ChatGPT Key Concepts

In the article we will review three ChatGPT Key Concepts you should know before start using OpenAI’s chatbot.

GPT Models

OpenAI’s GPT, or generative pre-trained transformer, is trained to comprehend both human language and coding patterns. These models produce textual outputs when given specific inputs, commonly called “prompts”. Effectively “programming” a GPT model involves crafting a suitable prompt, often through directives or exemplars that show how a task should be executed.

GPT models have versatile applications, such as generating content or code, summarizing, conversing, creative composition, and beyond. Dive deeper with our basic GPT guide and our GPT best practices handbook.

Embedding Techniques

An embedding translates a data segment, like a text, into a vector form that captures its content or semantic essence. Data segments with similar content or meaning will usually have closely related embeddings. OpenAI introduces models that transform a text snippet into its corresponding embedding vector. Such embeddings are pivotal for tasks like searching, grouping, recommending, spotting anomalies, classifying, and others. For a more detailed overview, see the comprehensive guide on embeddings.

Token Concept

Text is broken down into segments, termed tokens, by both GPT and embedding models. Tokens are representative sequences of frequently observed characters.
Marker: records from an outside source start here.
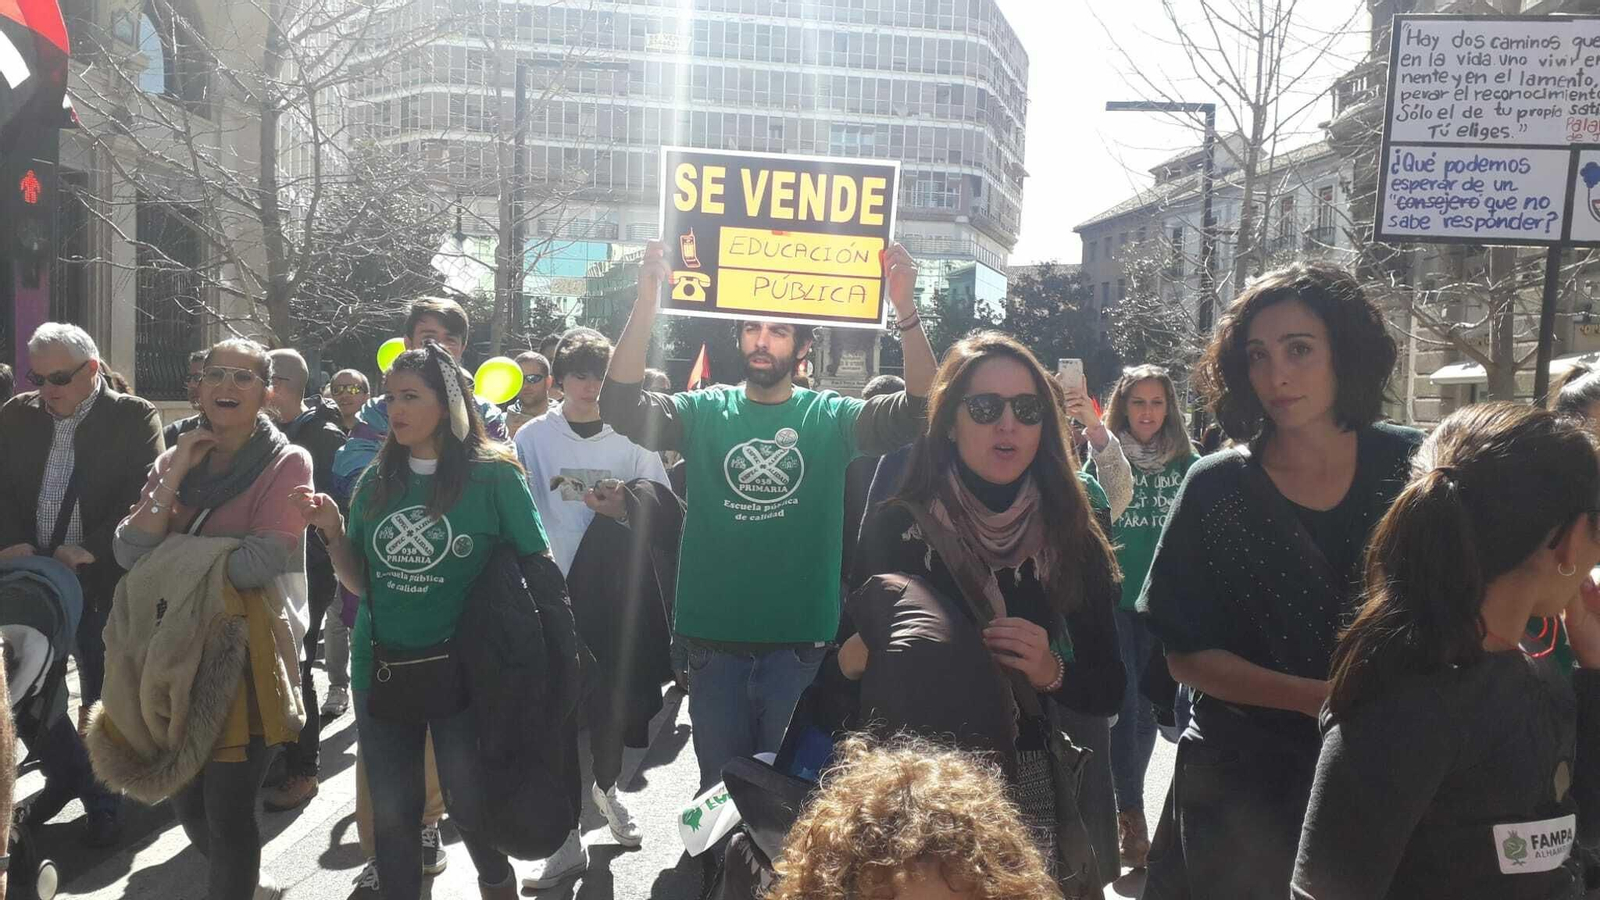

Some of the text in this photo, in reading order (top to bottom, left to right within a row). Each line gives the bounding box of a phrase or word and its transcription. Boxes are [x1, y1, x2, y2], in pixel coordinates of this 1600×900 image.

[1452, 30, 1485, 49] dos
[1490, 36, 1561, 50] caminos
[1400, 54, 1422, 67] en
[1429, 53, 1446, 67] la
[1457, 53, 1492, 66] vida
[1499, 54, 1528, 66] uno
[1401, 68, 1449, 84] nente
[1451, 74, 1462, 89] y
[1465, 71, 1487, 84] en
[1494, 69, 1512, 84] el
[1454, 85, 1469, 101] el
[1396, 103, 1433, 122] Sólo
[1437, 103, 1455, 120] el
[1462, 105, 1483, 119] de
[1494, 102, 1513, 116] tu
[1428, 123, 1450, 139] Tú
[1566, 116, 1600, 133] Pala
[1566, 132, 1583, 142] de
[1391, 148, 1531, 180] ¿Qué podemos
[673, 163, 886, 226] SE VENDE
[1391, 176, 1519, 195] esperar de un
[1484, 195, 1517, 217] que
[1523, 195, 1550, 210] no
[1388, 211, 1559, 234] sabe responder?
[728, 234, 869, 264] EDUCACIÓN
[753, 274, 867, 304] PÚBLICA
[739, 484, 788, 493] PRIMARIA
[723, 499, 762, 511] Escuela
[734, 509, 785, 521] de calidad
[386, 554, 432, 564] PRIMARIA
[386, 580, 430, 594] de calidad
[1530, 827, 1573, 850] FAMPA
As an illustration, the word “tokenization” splits into “token” and “ization”, whereas a brief, prevalent word such as “the” remains as one token. It’s worth noting that in a sentence, the initial token of each word generally starts with a space.

You can explore the tokenization tool to experiment with various strings and observe their tokenized forms. Generally, 1 token approximates to 4 characters or about 0.75 words in English.

A constraint to remember is that for a GPT model, the combined length of the prompt and its resultant output shouldn’t surpass the model’s upper limit of context length. For models focusing on embeddings, which don’t produce tokens, the input’s length should be beneath the model’s maximal context length. The specific maximum lengths for each GPT and embedding model are accessible in the model directory.